The first, that I don’t really belong in this world at this time. I am too naïve. I take things at face value. I do not expect people to bend the truth, to manipulate the truth, do not expect them to lie, expect and assume that I am always being told the truth. Unfortunately, it’s not like that. I just don’t know who’s telling the truth and who isn’t. I belong in more innocent days.
The second, that words are the root of our unhappiness and misfortune, or, more precisely, the abuse of words, and the formalised use of words. It is when we try to formalise what we think the meaning of life is that we descend into unhappiness. Philosophy is a science, not an art, and the precision – and dogma – of Philosophy is what makes us unhappy.
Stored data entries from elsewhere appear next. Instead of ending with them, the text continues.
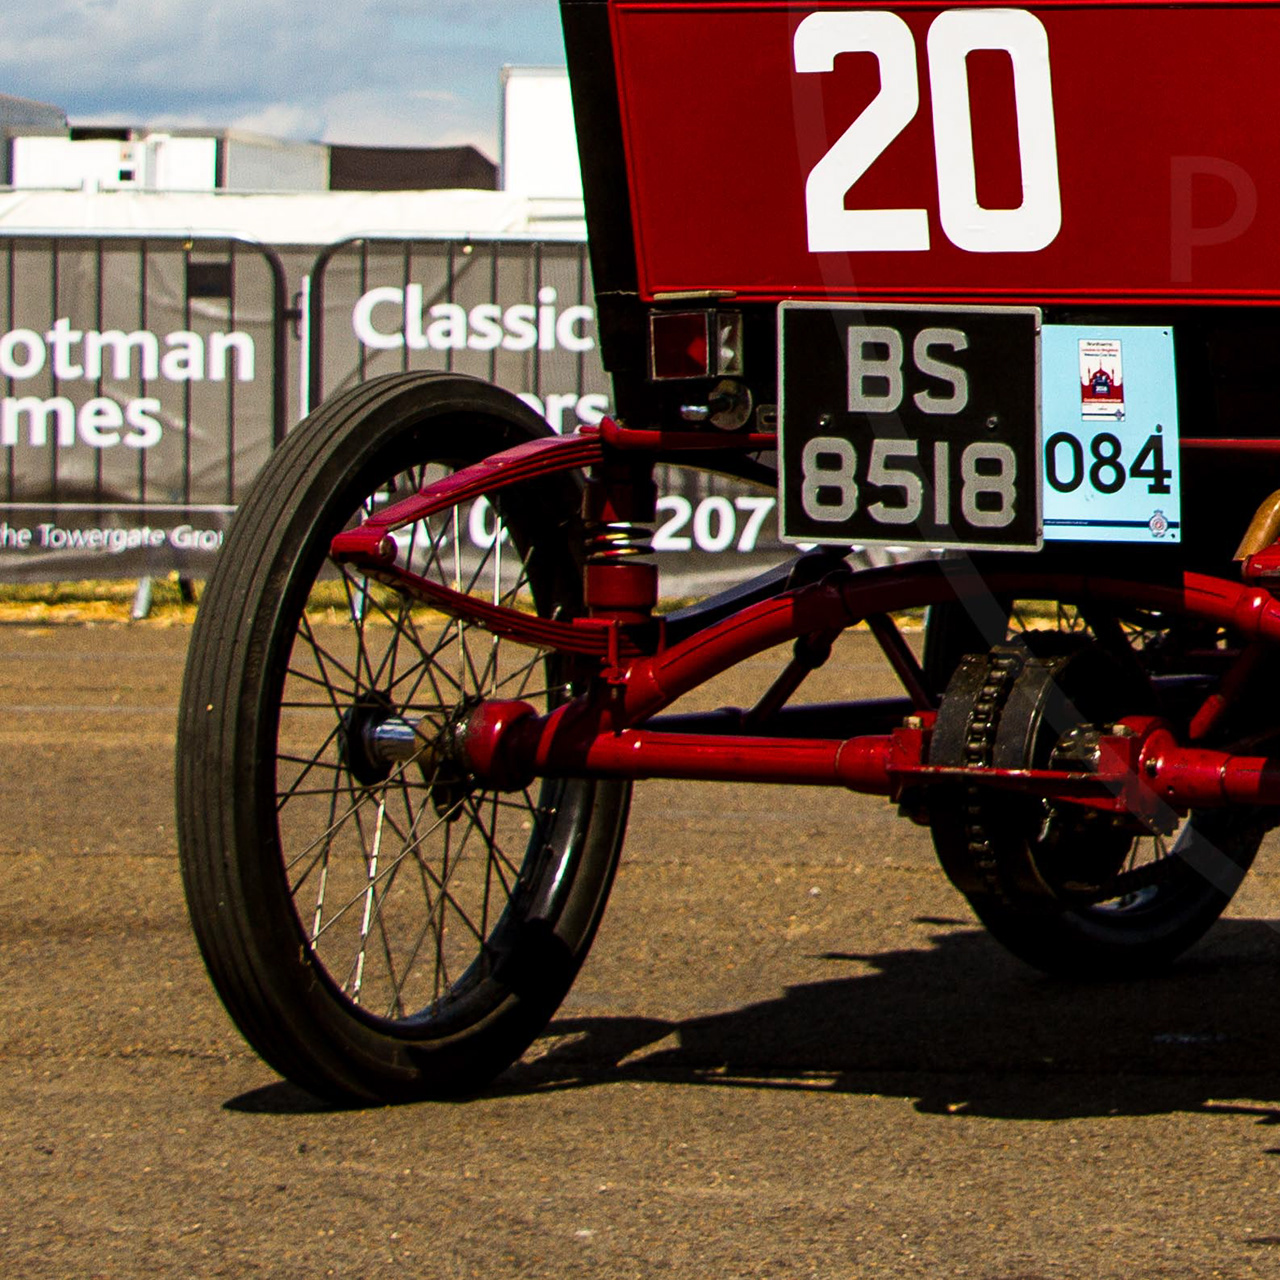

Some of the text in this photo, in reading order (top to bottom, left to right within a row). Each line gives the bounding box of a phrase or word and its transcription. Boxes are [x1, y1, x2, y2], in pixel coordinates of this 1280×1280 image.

[793, 8, 1062, 253] 20
[352, 283, 596, 351] Classic
[847, 325, 969, 415] BS
[801, 437, 1018, 527] 8518
[1044, 431, 1172, 496] 084
[37, 523, 166, 554] Towergate
[651, 495, 777, 553] 207
What’s the point of putting our thoughts on life, and the meaning of life, into narrow compartments, of trying to define so precisely, and to the exclusion of exceptions and fluctuations, what life is? What’s the point of categorising them in descriptors such as determinism, idealism, realism, nihilism, existentialism, stoicism, hedonism, logical positivism, relativism etc etc? I remember a poem (though not the author) I read in my youth that included the line “Love is lost the moment ’tis possessed,” and this could easily apply here, in paraphrase: the meaning of life (and happiness) is lost the moment it is defined.
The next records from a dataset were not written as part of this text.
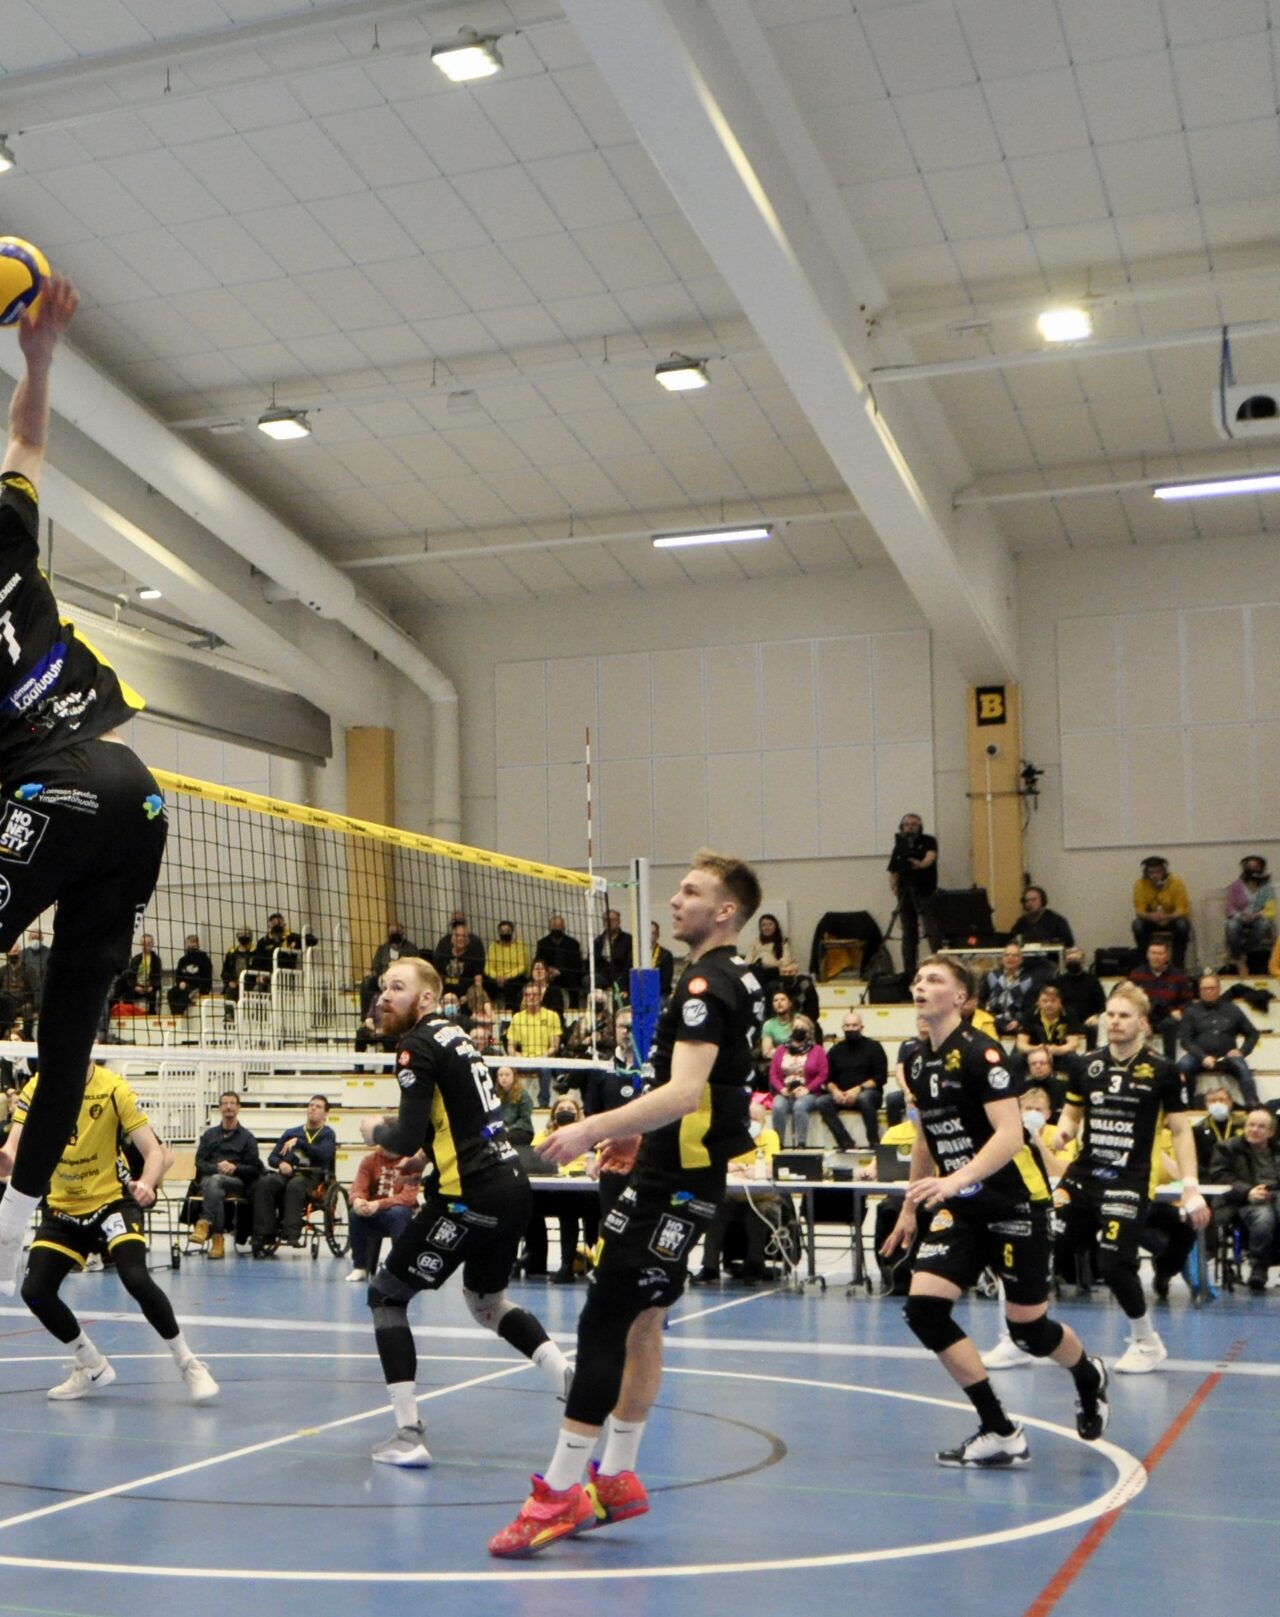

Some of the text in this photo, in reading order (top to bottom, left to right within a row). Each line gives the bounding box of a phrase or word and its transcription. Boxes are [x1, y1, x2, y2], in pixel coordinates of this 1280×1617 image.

[979, 693, 1005, 719] B
[10, 808, 32, 827] HO
[5, 820, 35, 842] NEY
[0, 832, 29, 852] STY
[928, 1072, 940, 1099] 6
[1108, 1074, 1123, 1093] 3
[1089, 1118, 1134, 1133] VALLOX
[665, 1219, 684, 1232] HO
[1105, 1220, 1120, 1241] 3
[657, 1237, 680, 1251] STY
[420, 1256, 441, 1270] BE
[1003, 1243, 1014, 1268] 6
Philosophy puts blinkers on people, much like formalised religion. We need to live without trying to formalise, without thinking there are boundaries between certain ways of feeling and thinking. We need to stop creating obstacles to happiness, to living peacefully. The meaning of life is to live it; it’s as simple as that. Perhaps that’s what Aggie is all about. But only perhaps. I don’t know yet where she’s going, and she probably doesn’t either.
I might even go so far as to say that it is Philosophy which breeds lies. Let’s just live.
I wrote the above at lunch time. I’ve been pondering it ever since. And reading more of Zorba The Greek which seems to play into this in one way or another. Maybe it’s what set me off on this train of thought, the fact that Zorba says the “pen pushers” write about life but don’t live it. Maybe I need to temper slightly what I said. I should perhaps have said it’s the formalisation of philosophy into Philosophy (two deliberately different spellings) which breeds lies. I watched one of the cats walk across the brown lawn this afternoon, and it struck me there, too. Does a cat think about placing its back paw in exactly the same place it did its front paw? Has its gait become formalised to such an extent that it considers how it places its feet when it walks? I don’t think so. It just does it. There.